Until recently, Accell machines had used Beckhoff Lightbus as the fieldbus network. “Because it uses fiber-optic cabling, Lightbus is very noise-tolerant and provides fast I/O processing,” Kvyatkovski says. Lightbus protocol has a compact telegram structure that permits user information data transfer rate up to 2.5 Mbits/s.

With a custom application that required faster response times than conventional fieldbus technology could handle, Kvyatkovski says Accurpress moved beyond Lightbus to the industrial Ethernet-based protocol, EtherCat. “Since EtherCat uses off-the-shelf, standard Ethernet hardware and cables, we’re confident this approach will be the most cost-effective. It will also help make our Accell machines even more repeatable by significantly reducing cycle times.”

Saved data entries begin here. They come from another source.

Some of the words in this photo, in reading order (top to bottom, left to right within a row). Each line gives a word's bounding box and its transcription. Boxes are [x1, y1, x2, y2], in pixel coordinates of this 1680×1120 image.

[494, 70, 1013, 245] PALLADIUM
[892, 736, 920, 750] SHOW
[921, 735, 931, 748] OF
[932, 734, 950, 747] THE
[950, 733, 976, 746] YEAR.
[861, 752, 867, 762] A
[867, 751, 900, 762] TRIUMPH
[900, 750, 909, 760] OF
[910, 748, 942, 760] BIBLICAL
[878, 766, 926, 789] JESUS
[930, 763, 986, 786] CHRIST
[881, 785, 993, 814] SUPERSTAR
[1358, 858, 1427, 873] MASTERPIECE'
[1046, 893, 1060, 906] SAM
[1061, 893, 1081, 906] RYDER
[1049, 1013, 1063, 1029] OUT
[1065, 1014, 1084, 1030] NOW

EtherCat protocol is said to process 1,000 distributed I/O signals in 30

A recently added feature on Accell press brakes is the Sheet Follower system. This device, mounted at the front of the machine, handles materials too heavy for an operator to lift. Via an electronic axis, TwinCat synchronizes motion with the press and allows Sheet Follower to lift and lower heavy materials safely without slamming into stationary supports.

Accell also features an active angle measurement system, which measures material spring-back in the press brakes while the press operates.

CPU centralization is said to save Accurpress money and provide a clean and flexible architecture. Kvyatkovski says, “We’re able to customize according to almost anything a customer asks of us, something a lot of our competitors may not want to do.”

Today, Accurpress quickly, easily, and cost-efficiently develops custom features for customers using TwinCat software, often at the same time the company sells them. Shorter lead time (as little as two to three months for major customization) tops its competitors, Accurpress says. “With an off-the-shelf controller from a third-party vendor, this simply would not be possible and several lucrative machine orders would be lost as a result,” Kvyatkovski says.

“I know we made the right decision in the move to PC-based controls,” Kvyatkovski says; “We find that press brake users are seeking synchronized presses like ours, while traditional PLCs and proprietary designs are quickly losing favor.”